## Requirement
In your copy, each record should read exactly as it does below, and no pictures should be present.
(Beginning of Data provided)
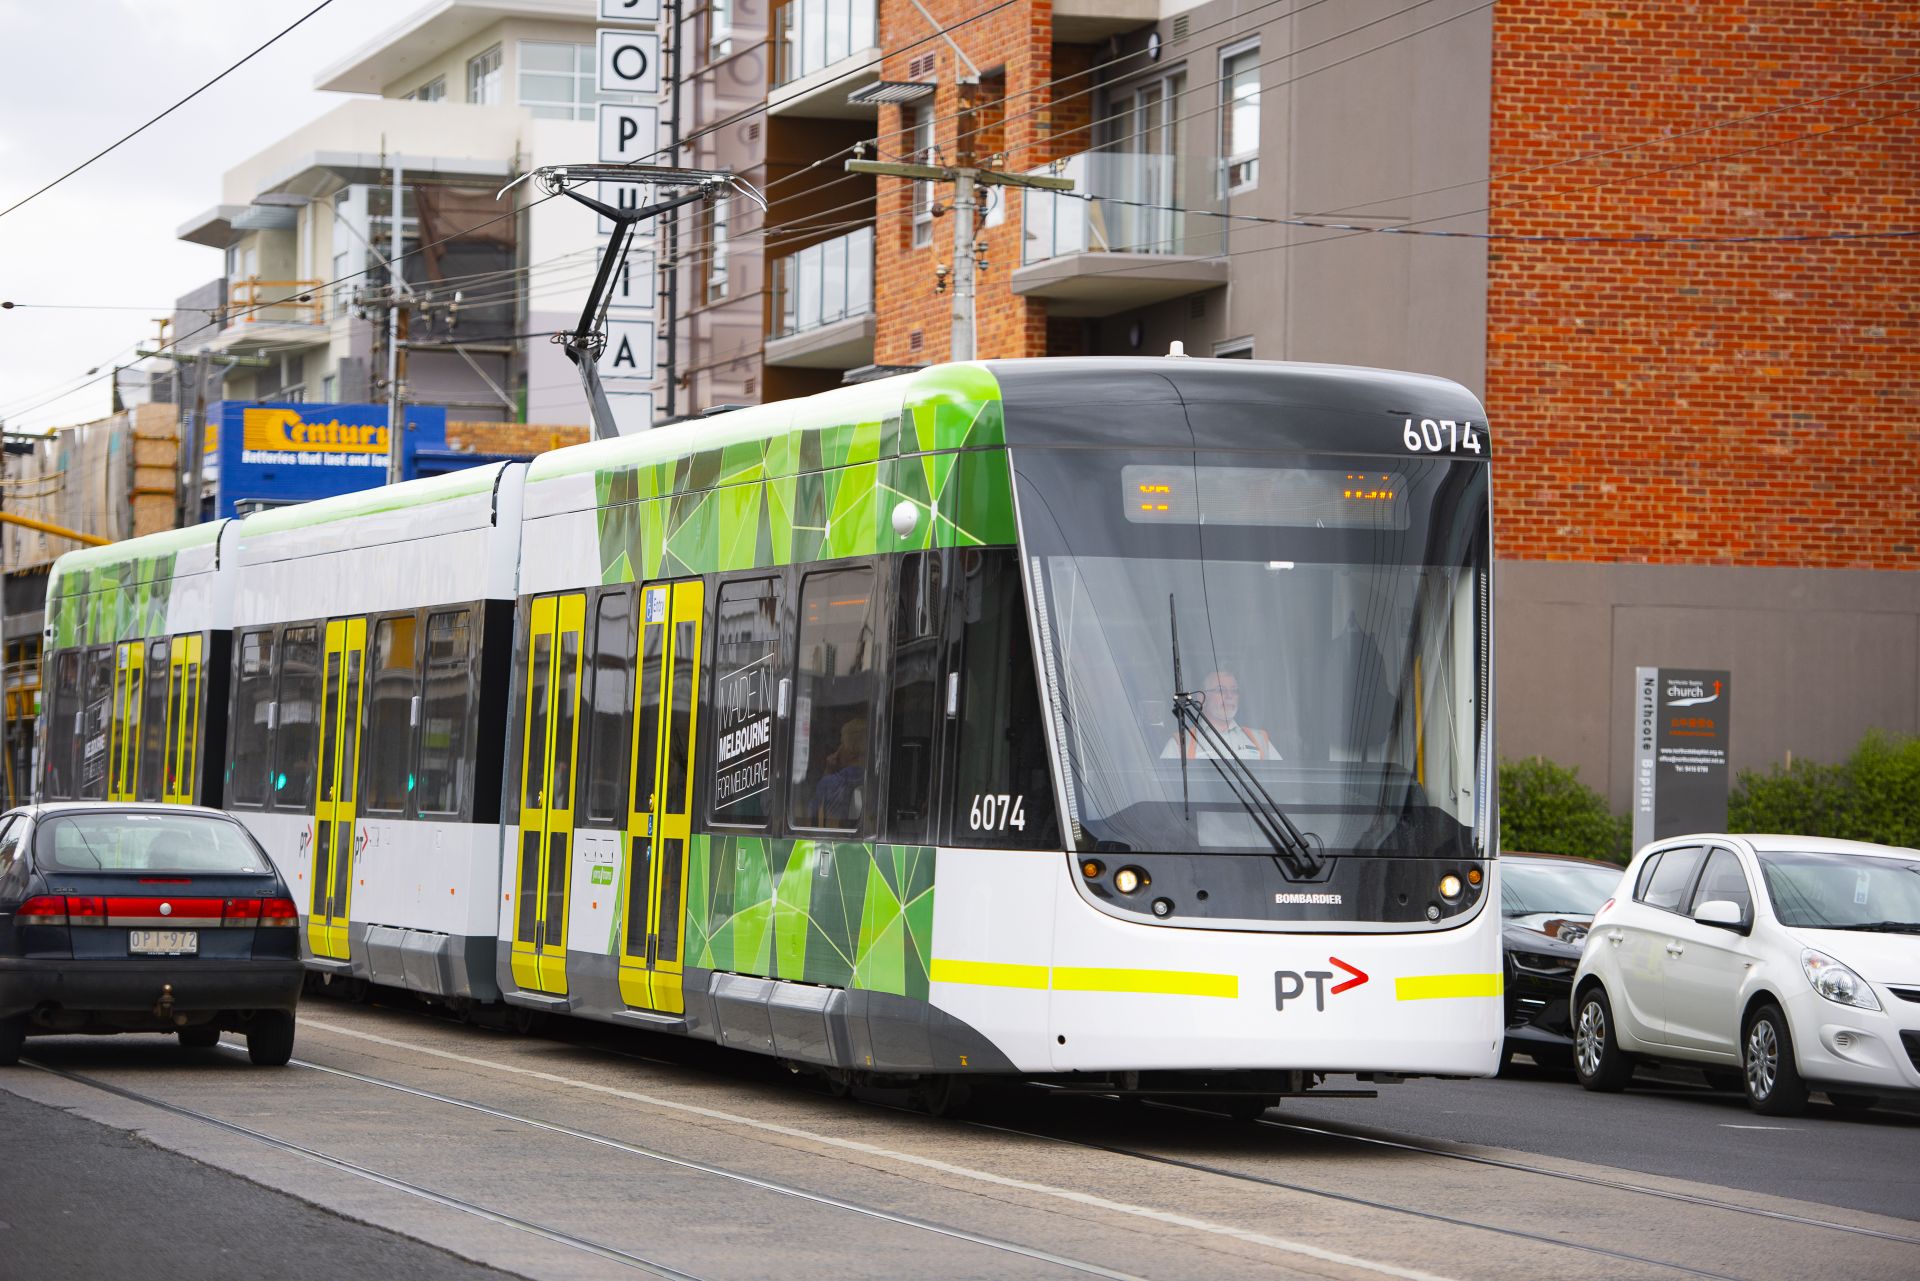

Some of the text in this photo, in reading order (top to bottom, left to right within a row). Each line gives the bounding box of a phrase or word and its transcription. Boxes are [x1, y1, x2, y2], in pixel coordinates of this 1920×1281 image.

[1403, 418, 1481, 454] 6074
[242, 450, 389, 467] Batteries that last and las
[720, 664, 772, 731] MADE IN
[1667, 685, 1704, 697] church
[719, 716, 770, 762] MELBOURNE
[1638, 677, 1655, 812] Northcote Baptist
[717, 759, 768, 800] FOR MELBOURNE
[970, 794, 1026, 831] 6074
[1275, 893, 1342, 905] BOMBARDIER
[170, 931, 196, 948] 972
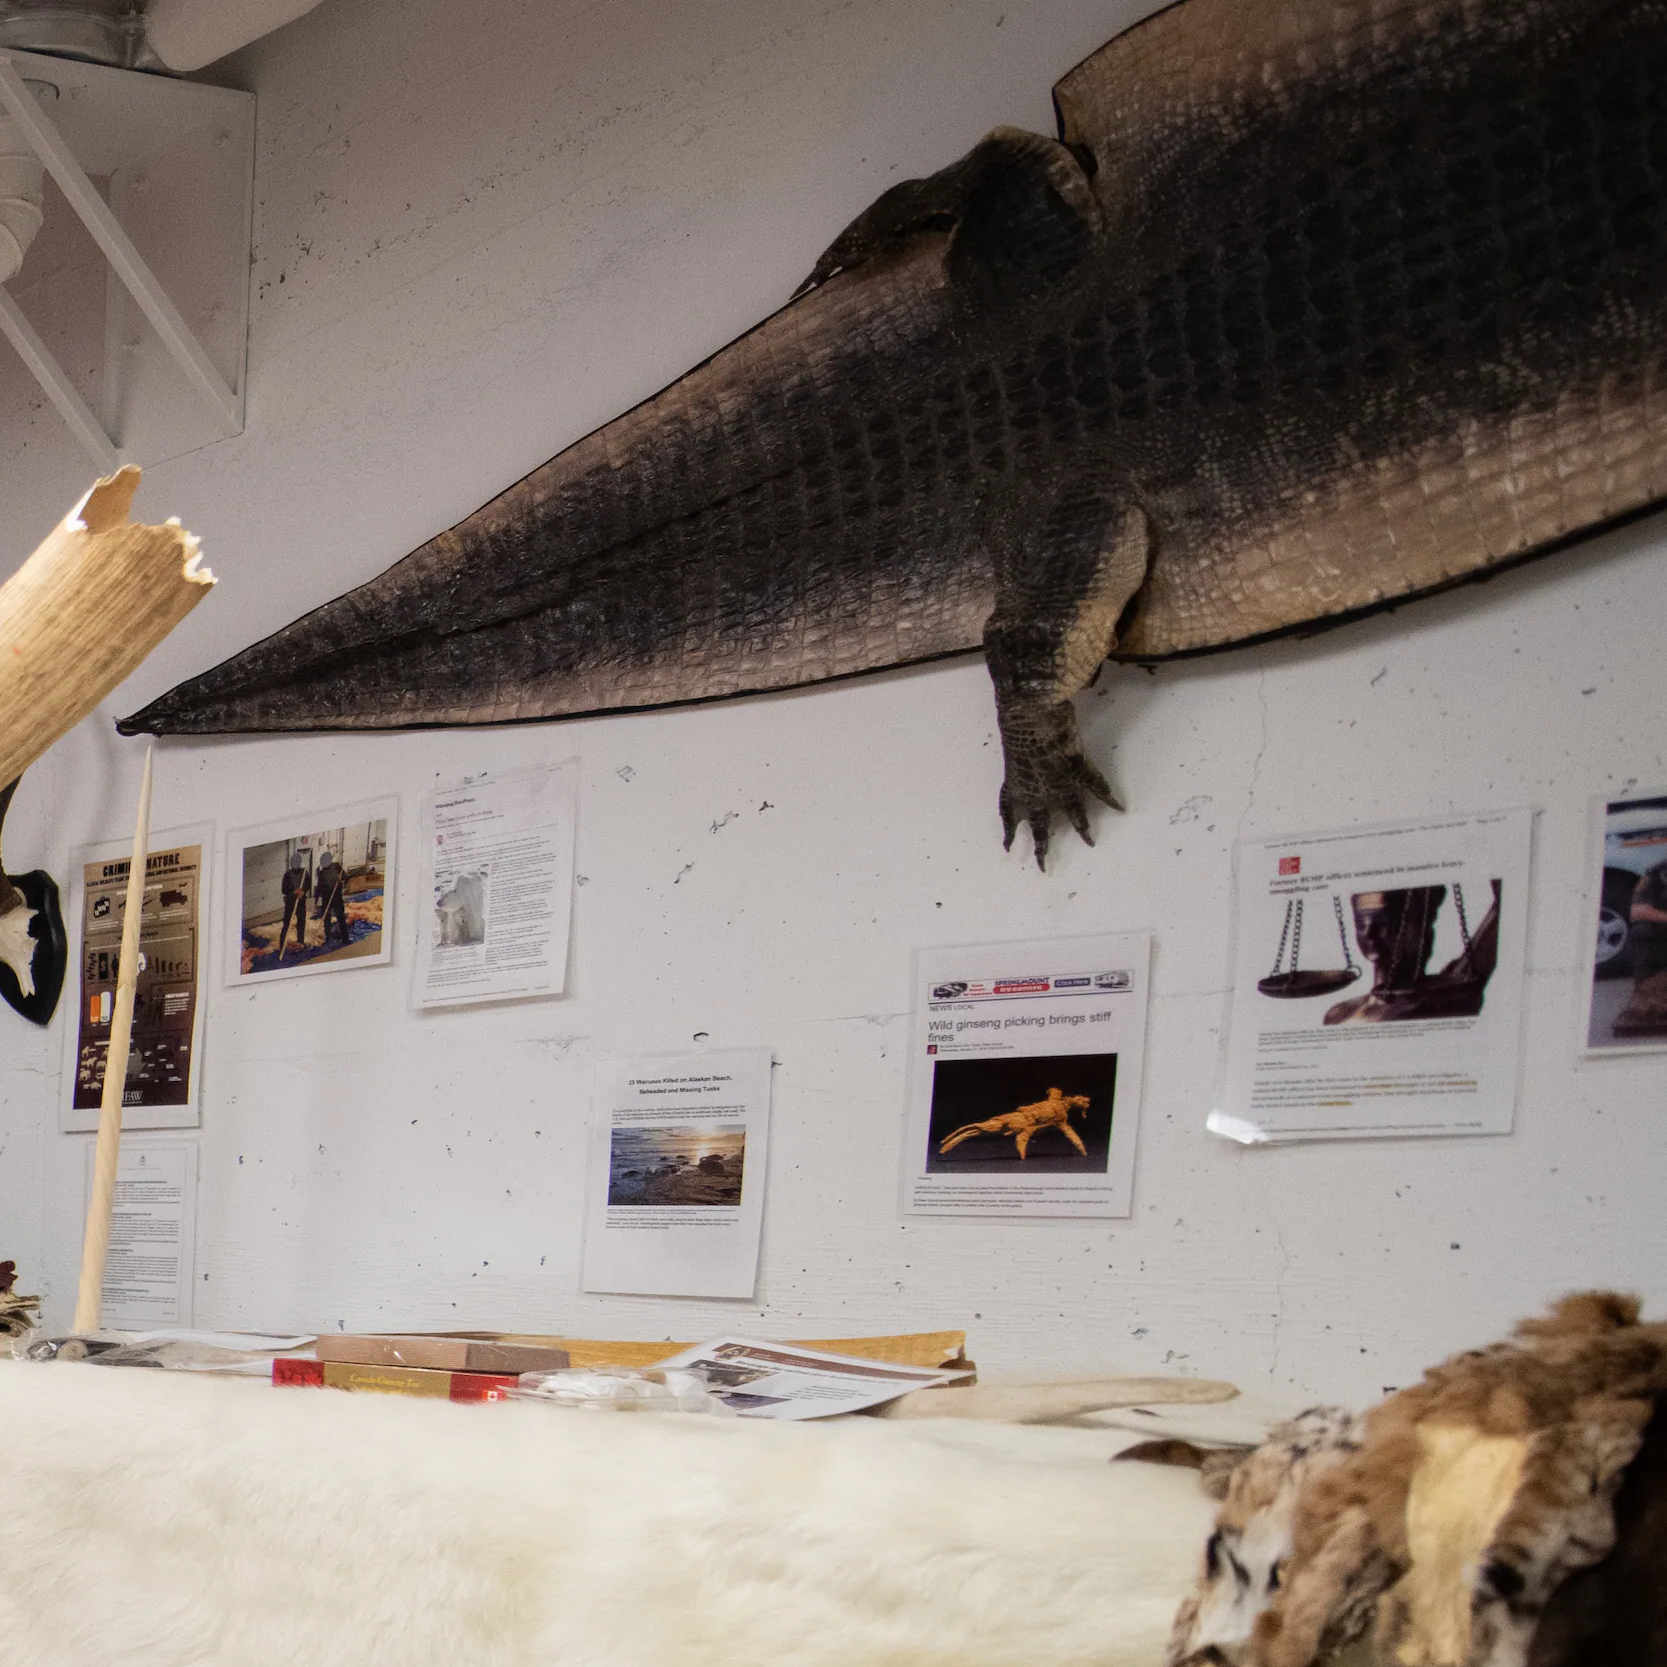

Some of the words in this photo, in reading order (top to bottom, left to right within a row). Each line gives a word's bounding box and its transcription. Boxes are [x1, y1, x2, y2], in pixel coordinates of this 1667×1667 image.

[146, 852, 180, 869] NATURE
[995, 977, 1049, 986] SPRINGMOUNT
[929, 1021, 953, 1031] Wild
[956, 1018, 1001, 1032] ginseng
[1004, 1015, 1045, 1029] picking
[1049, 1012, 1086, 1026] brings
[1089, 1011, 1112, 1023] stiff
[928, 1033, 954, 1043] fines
(End of Data provided)
## Exercise response
Some of the text in this photo, in reading order (top to bottom, left to right within a row). Each line gives the bounding box of a phrase or word and its transcription. Boxes are [x1, y1, x2, y2], in pixel coordinates of this 1920×1281 image.

[1403, 418, 1481, 454] 6074
[242, 450, 389, 467] Batteries that last and las
[720, 664, 772, 731] MADE IN
[1667, 685, 1704, 697] church
[719, 716, 770, 762] MELBOURNE
[1638, 677, 1655, 812] Northcote Baptist
[717, 759, 768, 800] FOR MELBOURNE
[970, 794, 1026, 831] 6074
[1275, 893, 1342, 905] BOMBARDIER
[170, 931, 196, 948] 972

Some of the words in this photo, in reading order (top to bottom, left to right within a row). Each line gives a word's bounding box and its transcription. Boxes are [x1, y1, x2, y2], in pixel coordinates of this 1667×1667 image.

[146, 852, 180, 869] NATURE
[995, 977, 1049, 986] SPRINGMOUNT
[929, 1021, 953, 1031] Wild
[956, 1018, 1001, 1032] ginseng
[1004, 1015, 1045, 1029] picking
[1049, 1012, 1086, 1026] brings
[1089, 1011, 1112, 1023] stiff
[928, 1033, 954, 1043] fines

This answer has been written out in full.